→ PROBLEM TO SOLVE: The reply should hold every line of the data below, unchanged, and none of the pictures.

→ INPUT DATA:

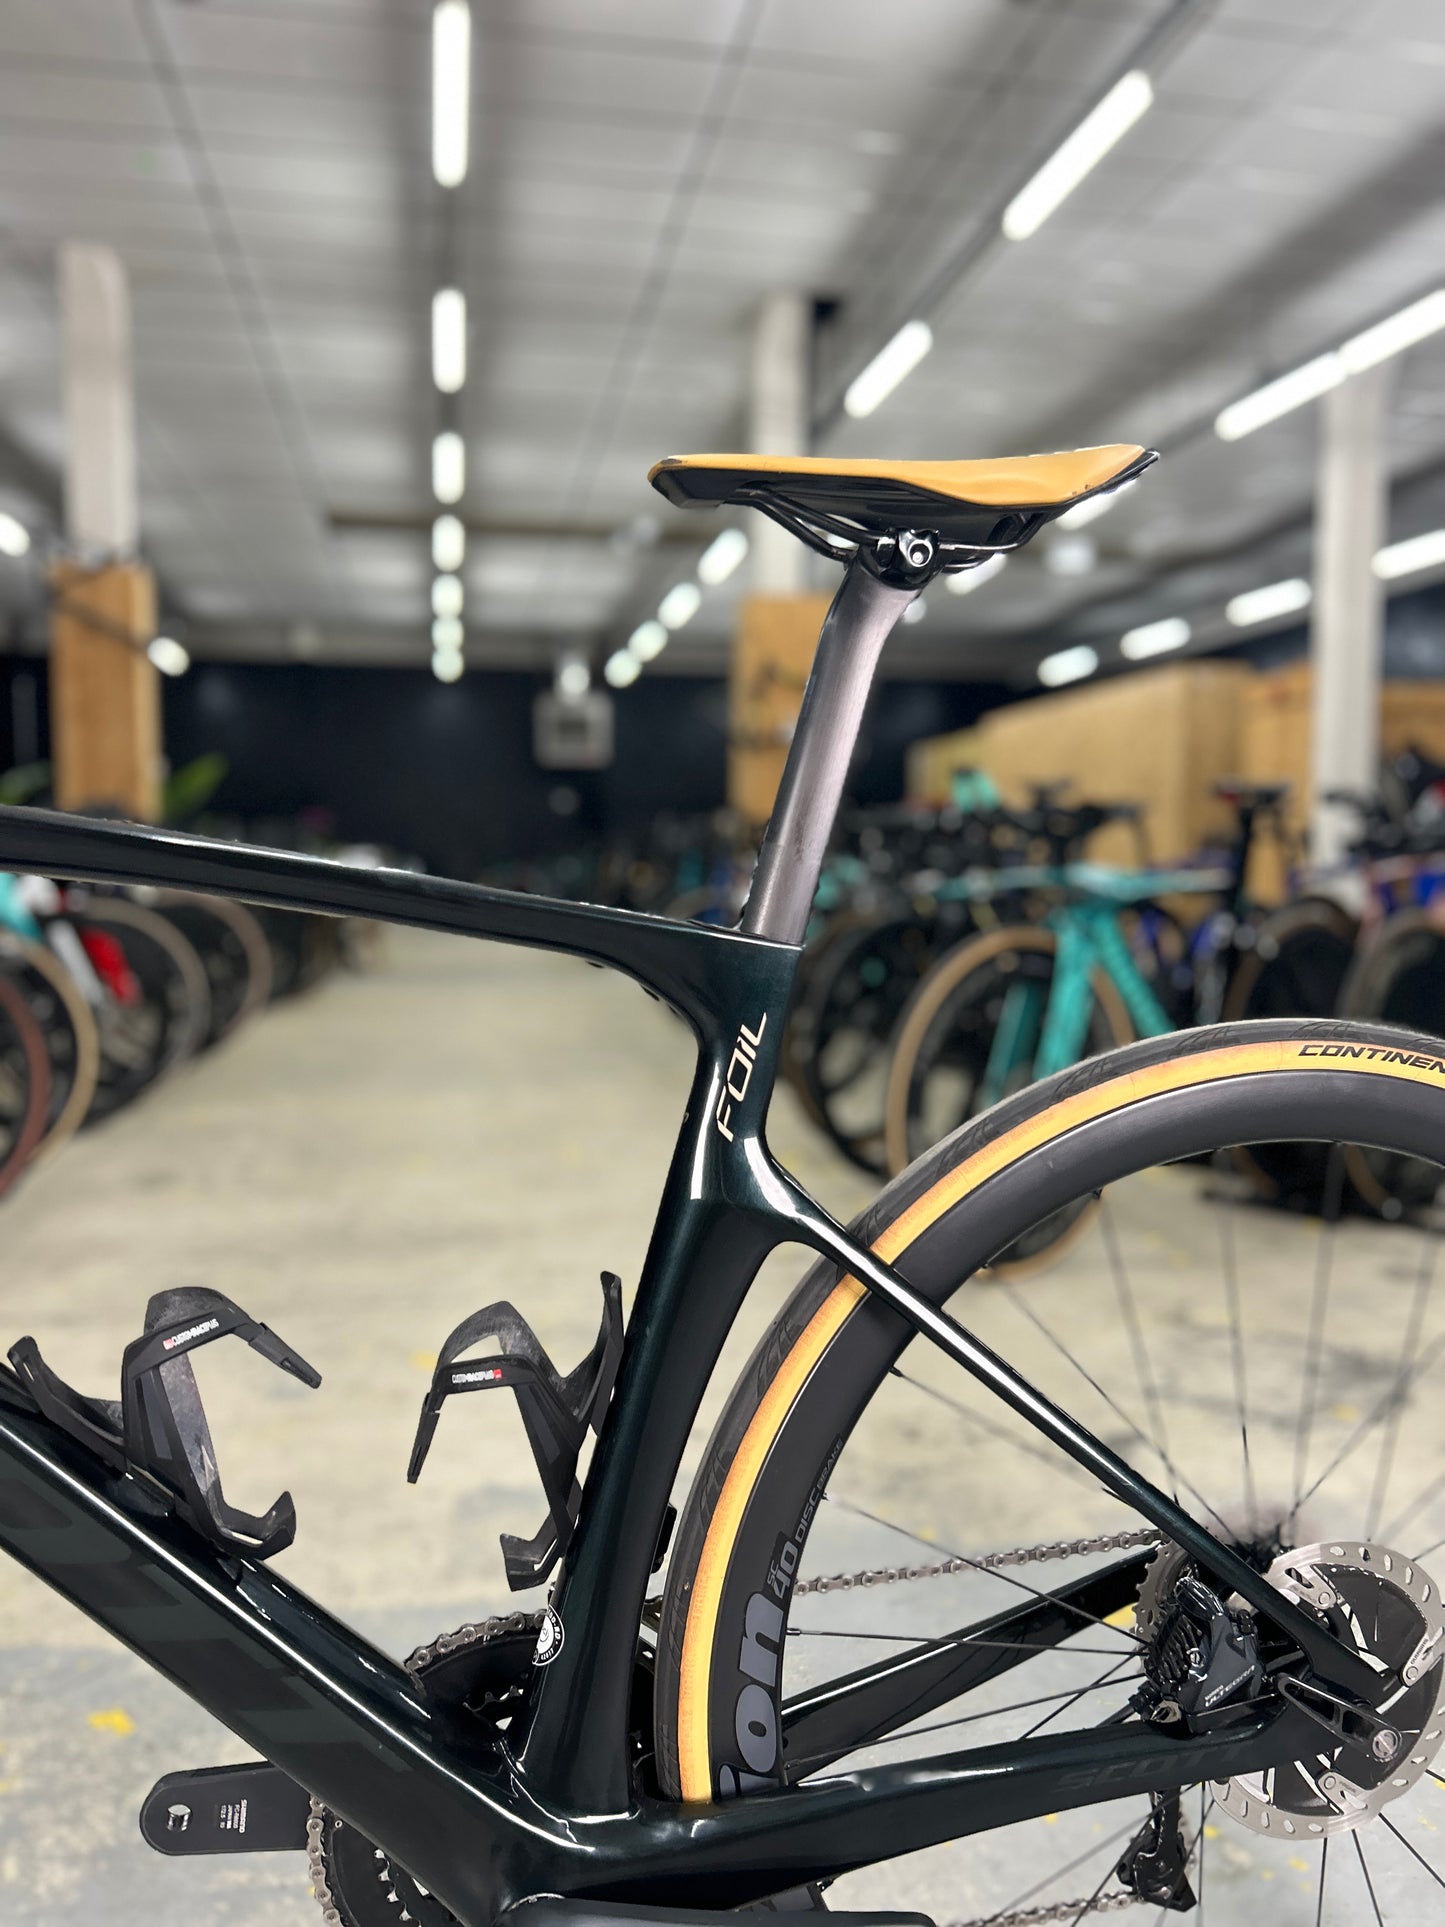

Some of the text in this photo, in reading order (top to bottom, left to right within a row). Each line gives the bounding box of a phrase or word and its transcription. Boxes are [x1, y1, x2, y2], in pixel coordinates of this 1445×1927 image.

[716, 1012, 767, 1142] FOIL
[794, 1487, 821, 1544] DISC
[766, 1559, 779, 1586] SC
[1205, 1664, 1255, 1707] ULTEGRA
[1054, 1742, 1254, 1792] SCOTT
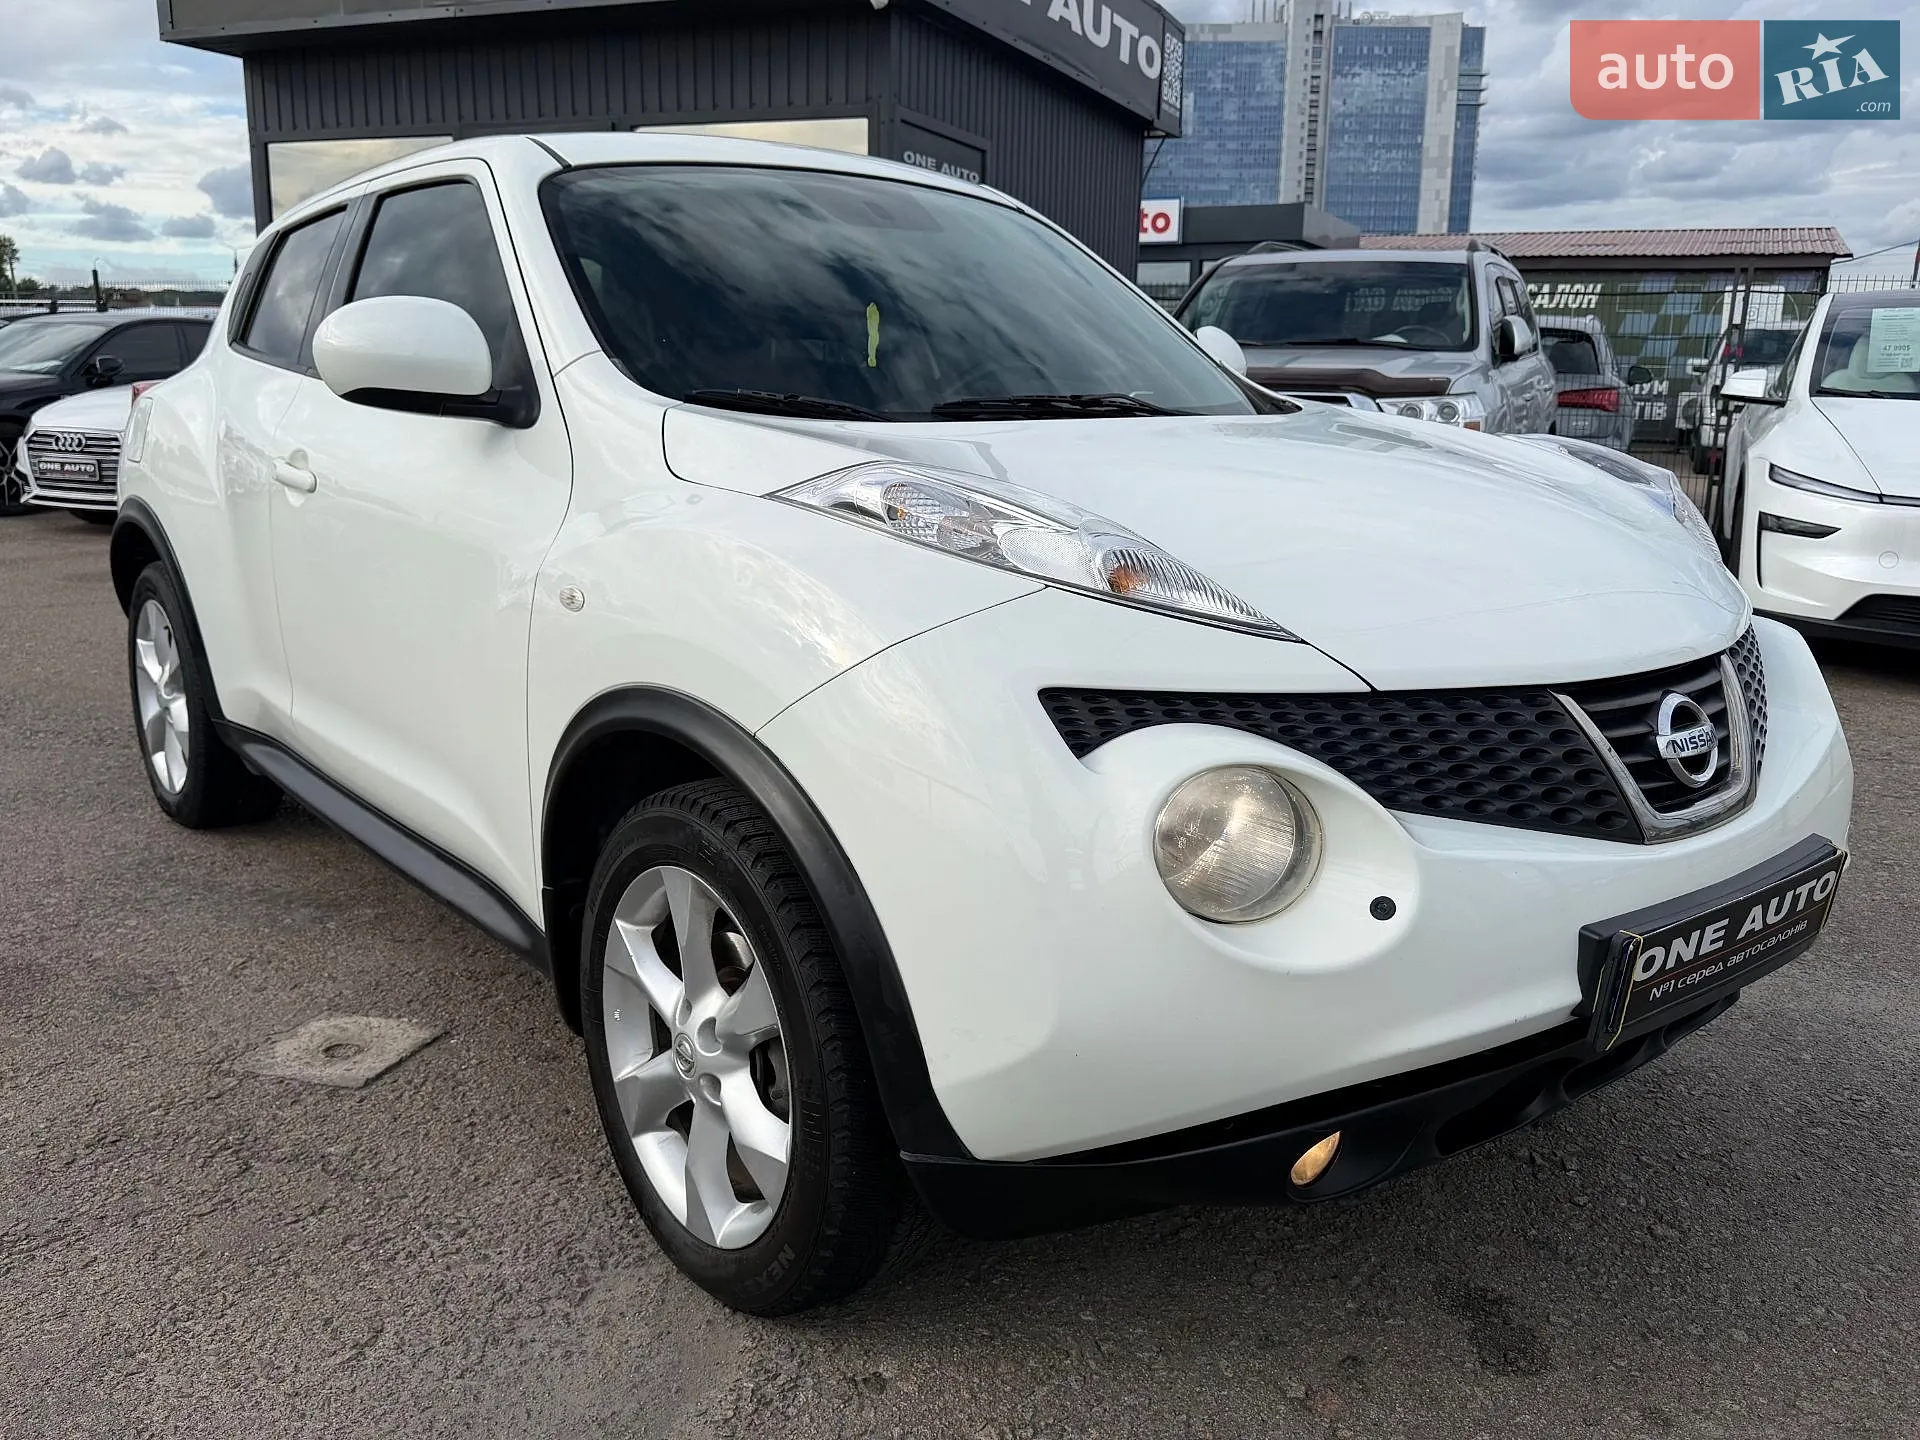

→ EXERCISE OUTPUT:
Some of the text in this photo, in reading order (top to bottom, left to right within a row). Each line gives the bounding box of a phrase or word and its transcription. Boxes are [x1, y1, x2, y2], in pixel coordinates of this 1445×1927 image.

[716, 1012, 767, 1142] FOIL
[794, 1487, 821, 1544] DISC
[766, 1559, 779, 1586] SC
[1205, 1664, 1255, 1707] ULTEGRA
[1054, 1742, 1254, 1792] SCOTT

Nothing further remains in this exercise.